Try it: Quote all of the data exactly as given. Skip every picture it contains.

Stored data entries:
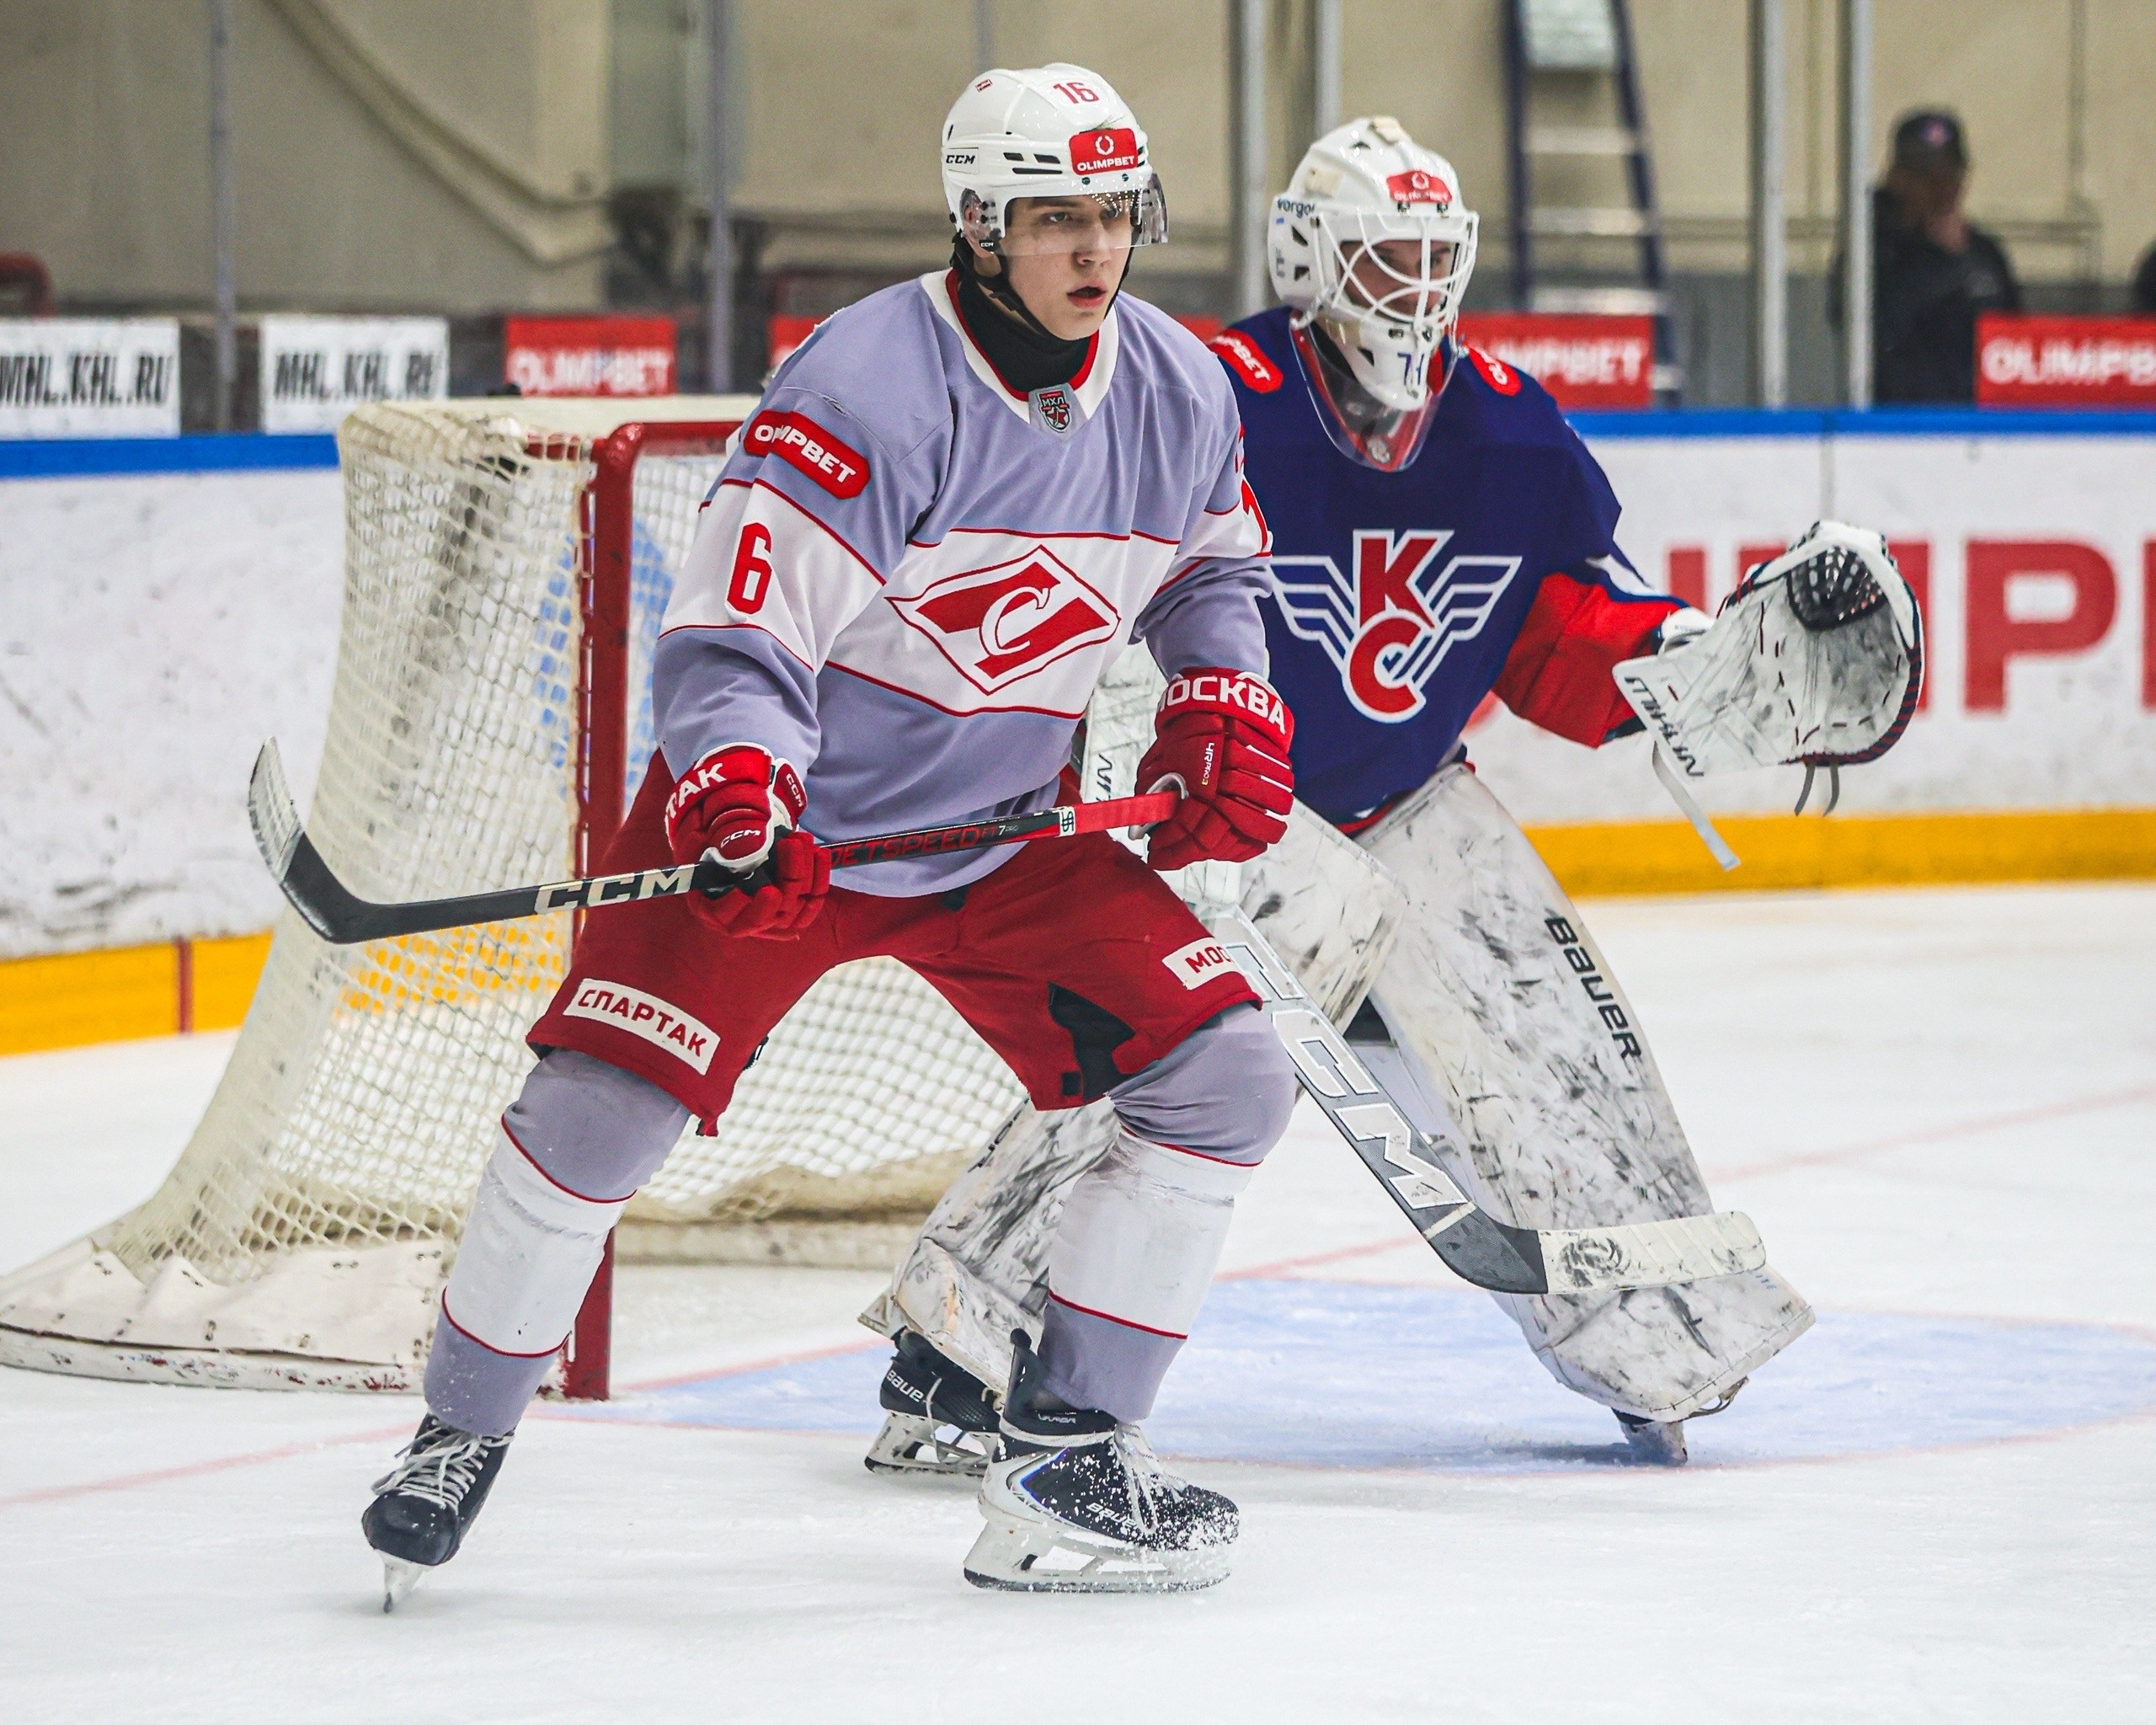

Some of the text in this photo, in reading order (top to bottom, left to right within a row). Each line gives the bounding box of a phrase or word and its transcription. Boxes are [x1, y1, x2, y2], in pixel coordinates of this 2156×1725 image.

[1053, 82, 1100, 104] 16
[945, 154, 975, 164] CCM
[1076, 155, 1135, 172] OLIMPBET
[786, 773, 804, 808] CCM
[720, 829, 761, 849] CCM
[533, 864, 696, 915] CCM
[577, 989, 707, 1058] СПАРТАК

Answer space:
Some of the text in this photo, in reading order (top to bottom, left to right within a row). Each line gives the bounding box of a phrase or word and its transcription. Boxes are [x1, y1, x2, y2], in pixel coordinates of this 2156×1725 image.

[1053, 82, 1100, 104] 16
[945, 154, 975, 164] CCM
[1076, 155, 1135, 172] OLIMPBET
[786, 773, 804, 808] CCM
[720, 829, 761, 849] CCM
[533, 864, 696, 915] CCM
[577, 989, 707, 1058] СПАРТАК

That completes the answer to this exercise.